In your opinion, what is the minimum hardware requirements for running a local model productively?
(Also, relevant to this site's interests, are all local models runnable on FLOSS operating systems?)
If you require very beefy hardware to get access to GenAI, naturally the centralized solutions will win out. Especially as computer hardware components are experiencing a significant price increase at the consumer level, in part because of increased demand from the centralized solutions.
fwiw, i've used perplexity pretty extensively whenever i'm troubleshooting some linux issue or configuring something. last time when i wanted to set up spotify-qt with librespot, or when i was setting up snapper on fedora with btrfs. obviously i try to follow some tutorial if it's a well known thing (e.g. snapper w btrfs) but as some point i'll inevitably deviate.
i have played around with linux since like 2018 but i have an dual gpu laptop so i didn't make the switch from windows to linux full time until summer 2024.
i use perplexity (just through a webui), so i'm running (and vetting) all the commands myself. even if i don't fully understand all the commands, i can generally tell if i like the direction it's going, and if i don't like it, i push back, asking for feedback for the solution that i think might work.

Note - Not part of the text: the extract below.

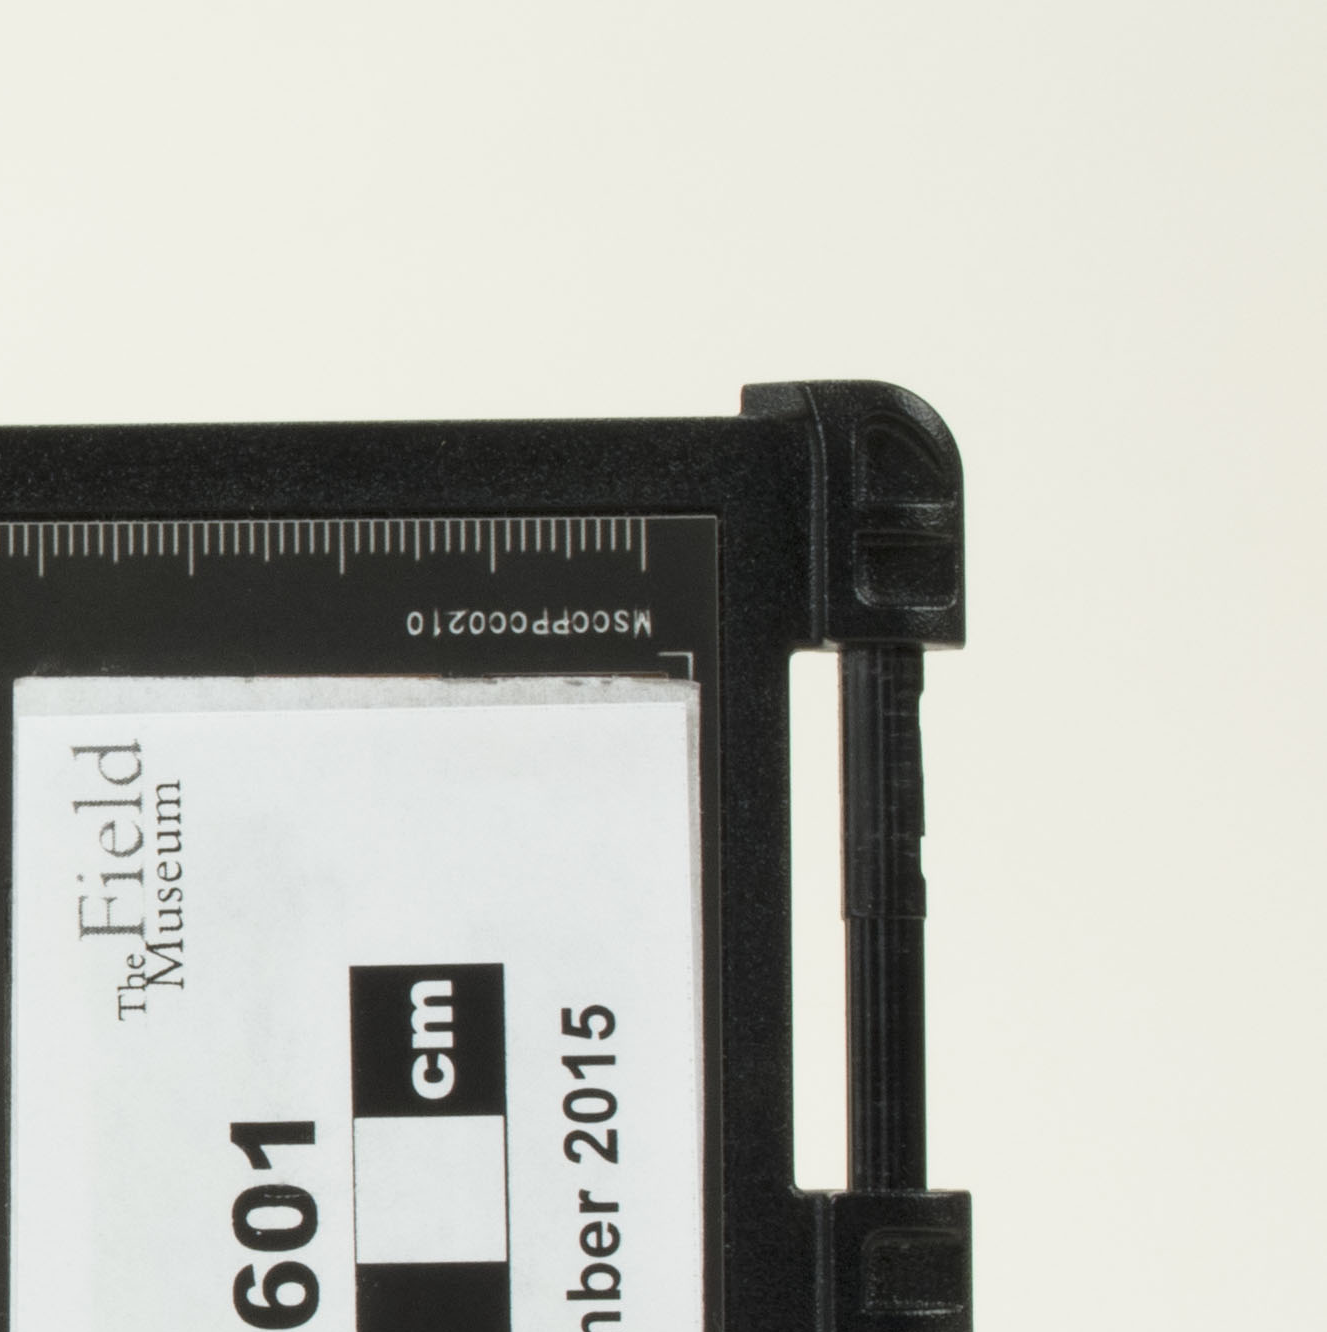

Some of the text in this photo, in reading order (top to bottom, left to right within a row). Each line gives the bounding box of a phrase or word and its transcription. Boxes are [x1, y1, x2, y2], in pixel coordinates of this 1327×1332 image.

[71, 740, 147, 1020] The Field
[143, 779, 185, 989] Museum
[409, 979, 457, 1101] cm
[560, 1003, 620, 1165] 2015

perplexity's nice because it's built around web search, so it usually doesen't make stuff up, but nowadays even claude and chatgpt can browse the web, i'm just used to perplexity.
i think that the main advantage for me is that it saves me a lot of frustration. in the past, i would often spend ages browsing through old archived forums, trying solution after solution, which didn't work, and when i finally fixed it, most of what i felt wasn't satisfaction that i solved the problem, but rather that i can finally stop spending time on this. basically i'm not a huge fan of the act of troubleshooting - i would just rather have the system work as i expect it to :)
before perplexity, i had that one linux friend i would annoy about stuff like this, but ever since he started college and got a job, he doesen't have that much time to help me troubleshoot some linux issue for 4 hours in the middle of the night. (if you wanna be my new linux friend, lmk, i'd love to have more linux friends)
back to the topic of the post: some could argue (correctly) that my approach is not as hands-off as claude code, but i think it's a good thing. I want to learn more about linux, and i want to understand the problems, why they're happening and what the commands that fix them do.
whenever i'm troubleshooting something/setting somethig up, i usually keep a markdown doc of steps i took as i go, in a tutoral/guide style, for more than one reason:
here's an example: https://share.note.sx/qmtzutp3#OgYatCPYeyrbveRbsC5k4TLbJUYV4OOQo3fzyP69PaE
anyway, i guess my point is that llms (especially with web search) can be pretty useful when troubleshooting/configuring linux, but i don't like having claude code/an agent do everything for me.
For me, after switching to Linux and back for the past 10 years, having claude always open in my dotfiles repo made all the difference.
I will debug issues with my install and it will fix what ever is broken today. Made if from an unstable time sink to a rock solid system I look forward using every day.
However, I spent maybe 95% less time on this install than any previous one, and the result is better than anything I've built by hand. I think that's worth it.
Man not only wants to be loved, but to be lovely.
A cool follow-up would be to have Claude dump that knowledge in an ansible playbook. This way now you have a deterministic way to (re)setup your computer the way you like.